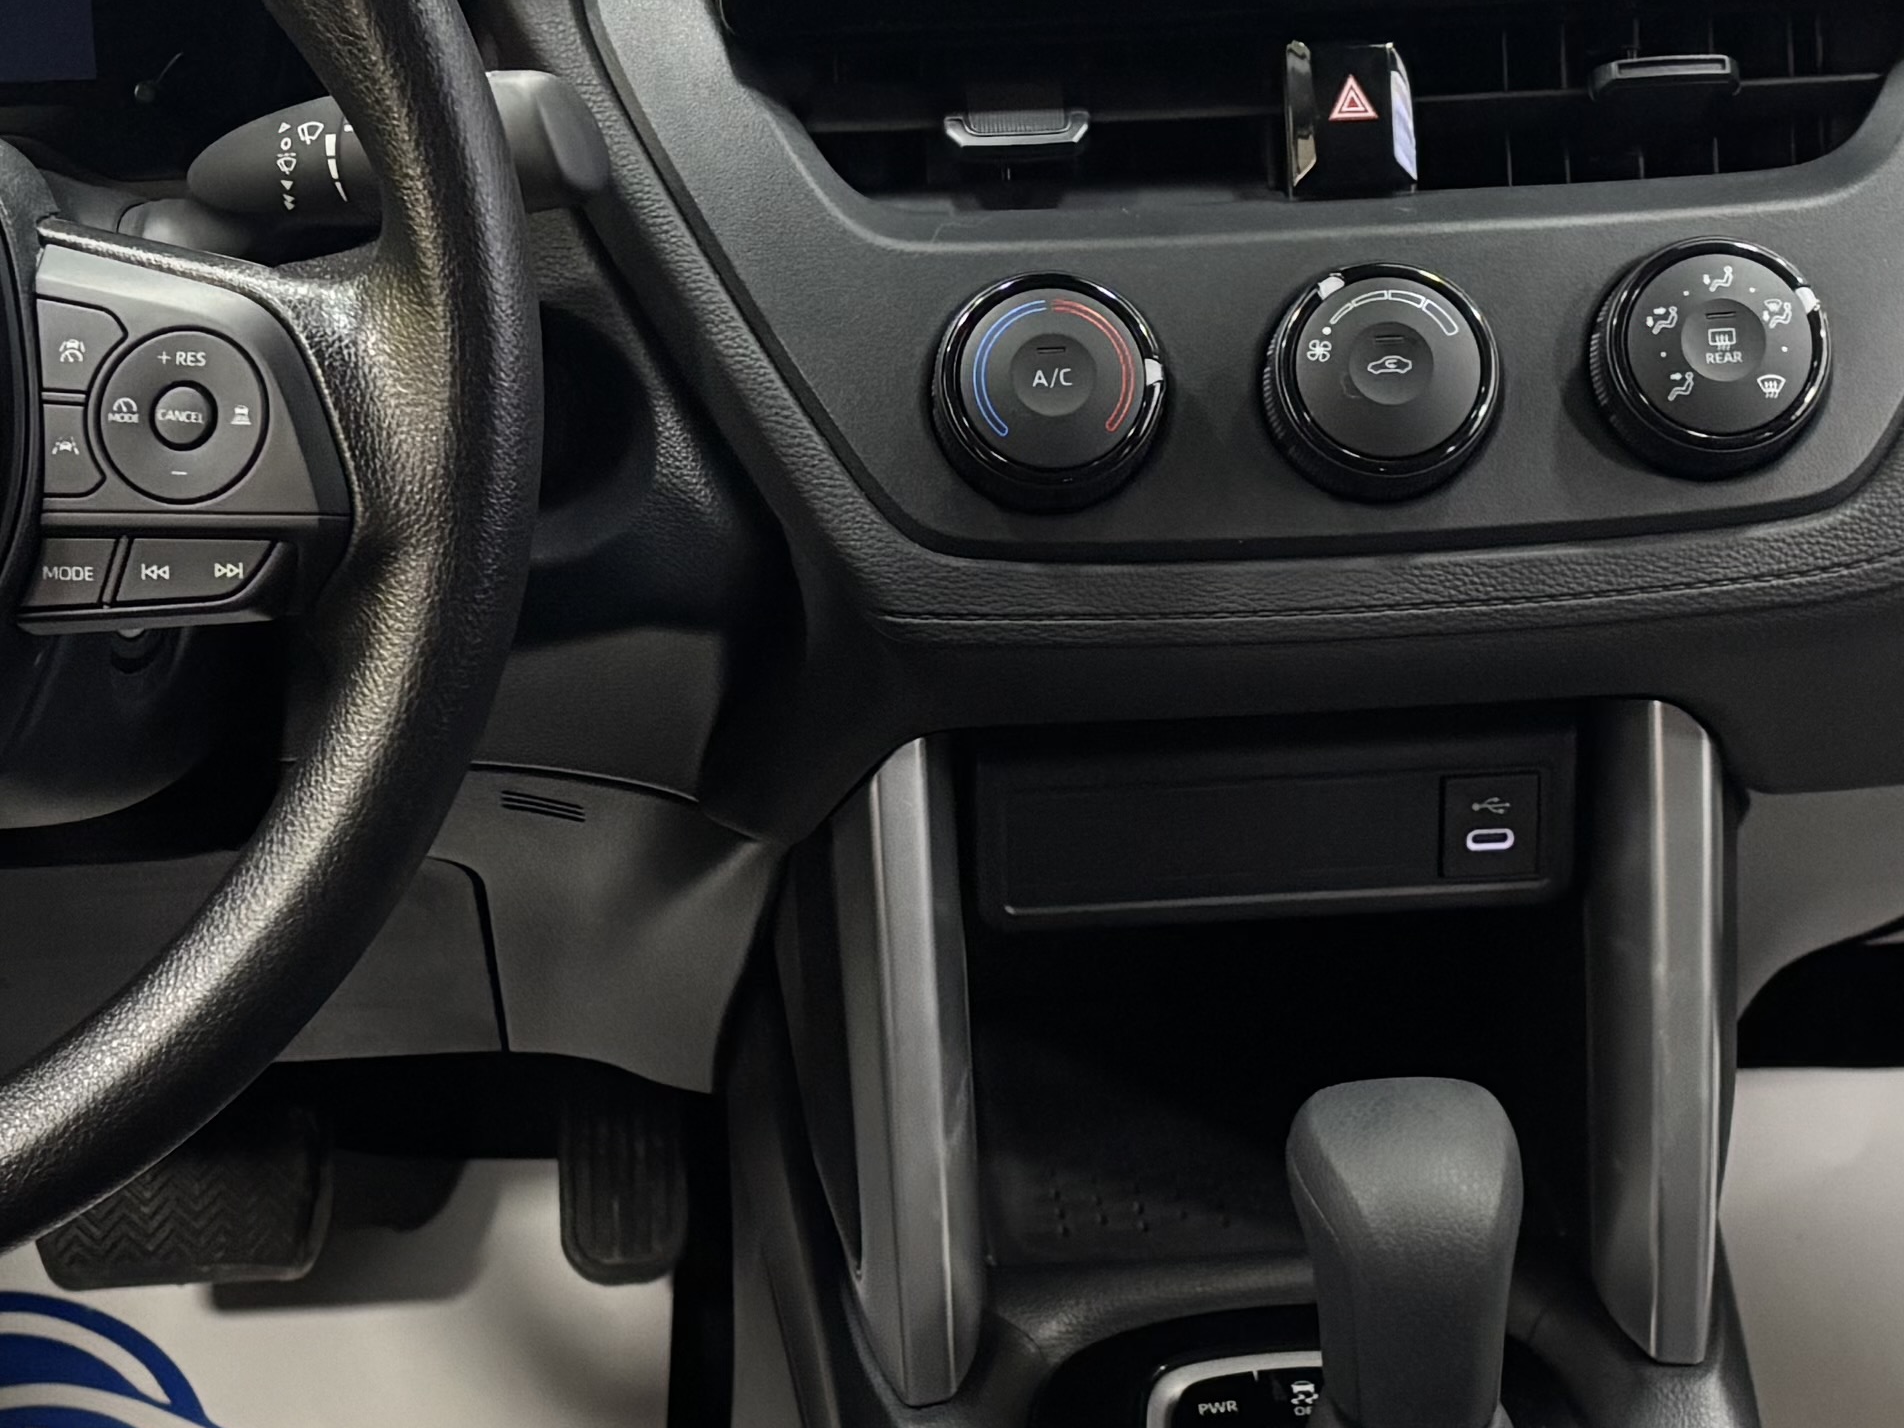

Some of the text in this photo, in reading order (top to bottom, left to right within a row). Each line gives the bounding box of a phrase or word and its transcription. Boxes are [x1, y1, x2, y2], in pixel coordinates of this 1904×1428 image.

[175, 351, 206, 367] RES
[1705, 351, 1744, 364] REAR
[1032, 367, 1073, 389] A/C
[108, 412, 139, 424] MODE
[156, 409, 204, 425] CANCEL
[42, 565, 94, 582] MODE
[1197, 1400, 1239, 1416] PWR
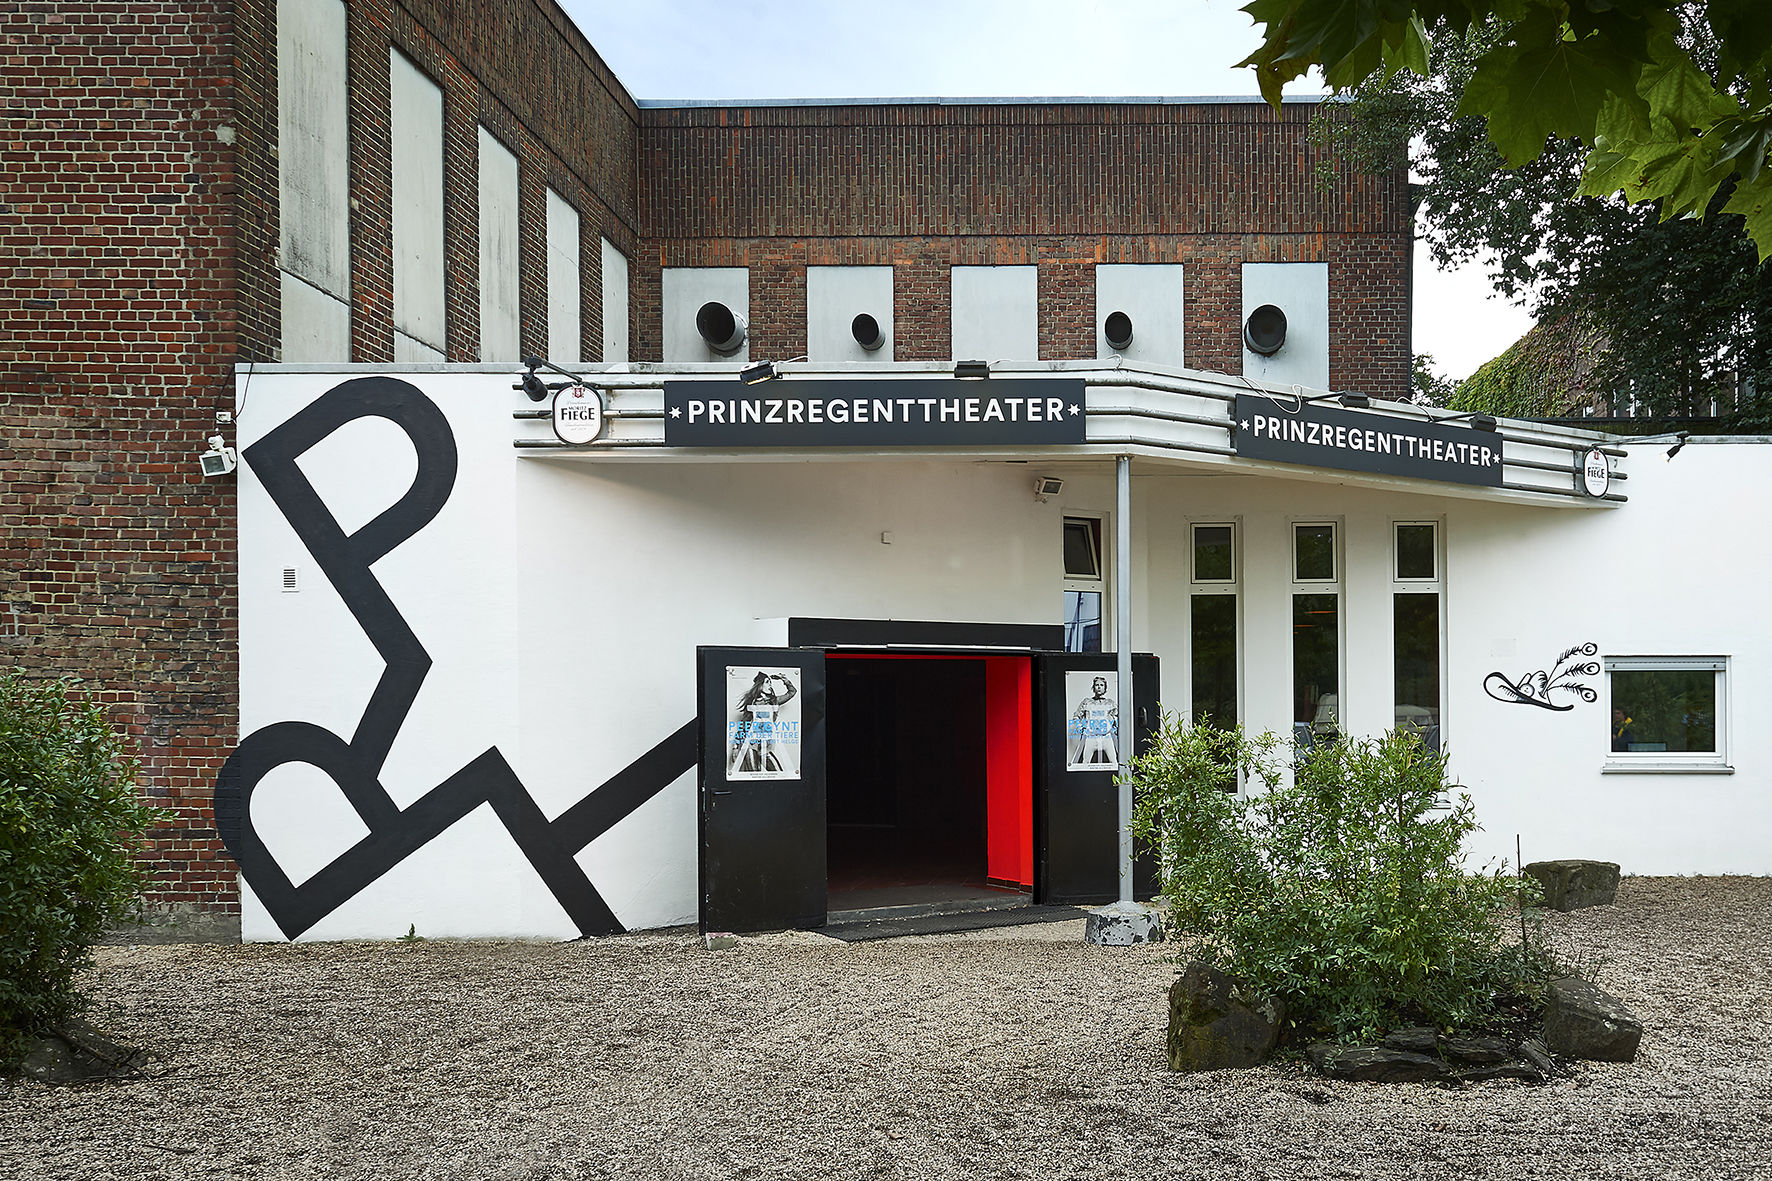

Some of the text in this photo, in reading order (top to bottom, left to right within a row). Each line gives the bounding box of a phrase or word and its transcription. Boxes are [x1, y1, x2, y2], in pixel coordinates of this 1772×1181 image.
★ ★ ★ ★ ★ ★ ★
— Exercise goal —
Send back the data above word for word, with the pictures left out.

— Written reply —
Some of the text in this photo, in reading order (top to bottom, left to right within a row). Each line gives the bounding box of a phrase or word and its transcription. Boxes are [x1, y1, x2, y2], in pixel coordinates of this 1904×1428 image.

[175, 351, 206, 367] RES
[1705, 351, 1744, 364] REAR
[1032, 367, 1073, 389] A/C
[108, 412, 139, 424] MODE
[156, 409, 204, 425] CANCEL
[42, 565, 94, 582] MODE
[1197, 1400, 1239, 1416] PWR

Some of the text in this photo, in reading order (top to bottom, left to right within a row). Each line gives the bounding box of a phrase or word and its transcription. Boxes are [x1, y1, x2, y2], in pixel coordinates of this 1772×1181 image.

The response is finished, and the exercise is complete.